Les jeunes sont-ils encore une priorité dans les décisions de sociétés ?
Crédit photo | Deposit photo Lors du bilan annuel 2025-2026 de la protection de la jeunesse du Québec, les directrices et les directeurs lancent un appel à la réflexion collective sur la priorité des enfants dans les décisions de société.
En effet, chaque jour, les DPJ interviennent auprès de familles en difficulté et constatent une complexification des situations et une augmentation importante des besoins, autant chez les jeunes que chez leur famille, dans un contexte de société en transformation.

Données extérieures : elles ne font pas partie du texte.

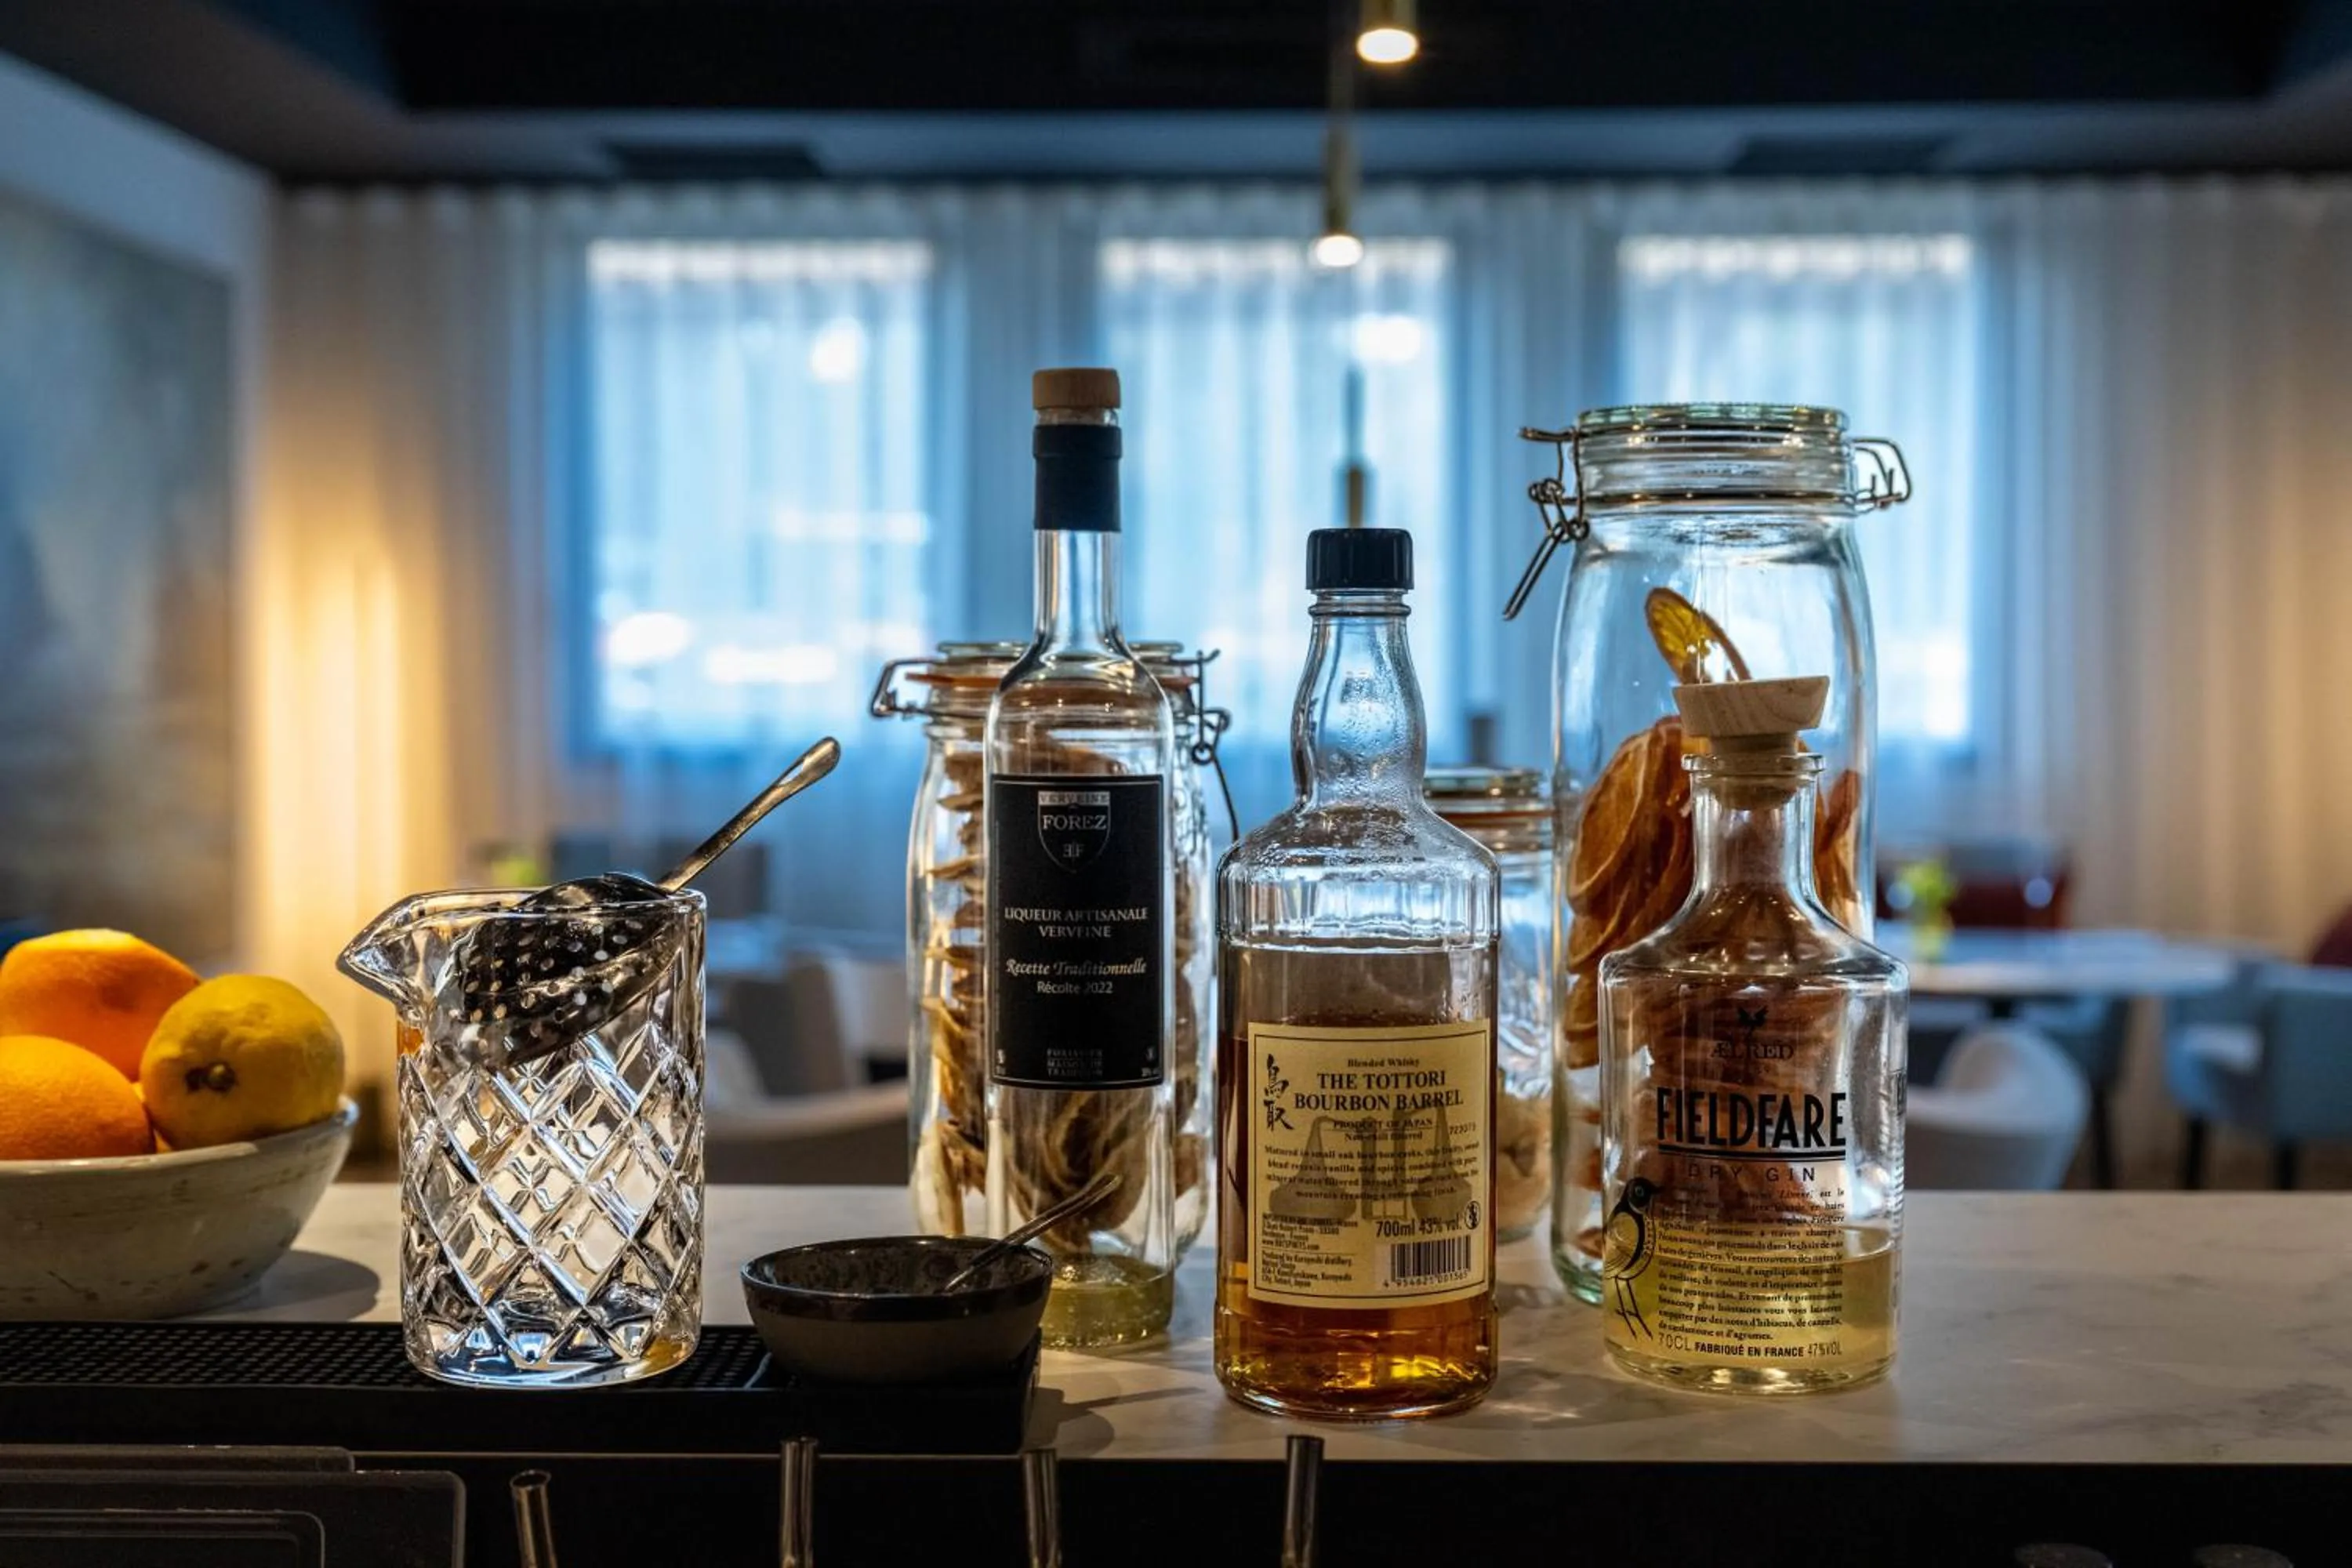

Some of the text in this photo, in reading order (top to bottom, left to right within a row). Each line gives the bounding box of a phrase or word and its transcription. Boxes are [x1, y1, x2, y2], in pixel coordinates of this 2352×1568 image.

Des données récentes évoquent une fragilité de la santé mentale des jeunes et plus de la moitié présentent des signes d’anxiété sociale, influençant les bien-être, leur développement et leur résultat scolaire. En parallèle, le réseau de la santé et des services sociaux et celui de l’éducation doivent s’adapter face à des défis de capacité et d’adaptation.
Dans ce contexte, des choix s’imposent, mentionne le Centre intégré de santé et de services sociaux du Bas-Saint-Laurent. « Faire des enfants une priorité implique de revenir à l’essentiel, comme investir dans la réponse aux besoins de base tels l’alimentation, le logement et un revenu adéquat, consolider les services existants et renforcer les interventions préventives et soutenir les milieux de vie des enfants (école, CPE etc.) ».
Au Bas-Saint-Laurent, 3342 signalements ont été traités dans la dernière année, une augmentation de 6,5 % et un groupe d’âge entre 6 et 12 ans. Un peu moins d’un enfant sur trois est un signalement retenu pour évaluation. Les principaux motifs sont la négligence ou le risque sérieux de négligence, les abus physiques et le risque sérieux d’abus physiques et l’exposition à la violence conjugale.
À l’échelle provinciale, 144 321 signalements ont été traités au Québec, une hausse de 1,4 % par rapport à l’an dernier.
Grandir en confiance, la stratégie nationale pour la protection de l’enfance, propose des orientations pour revenir à l’essentiel et souhaite que la protection des enfants soit une responsabilité collective.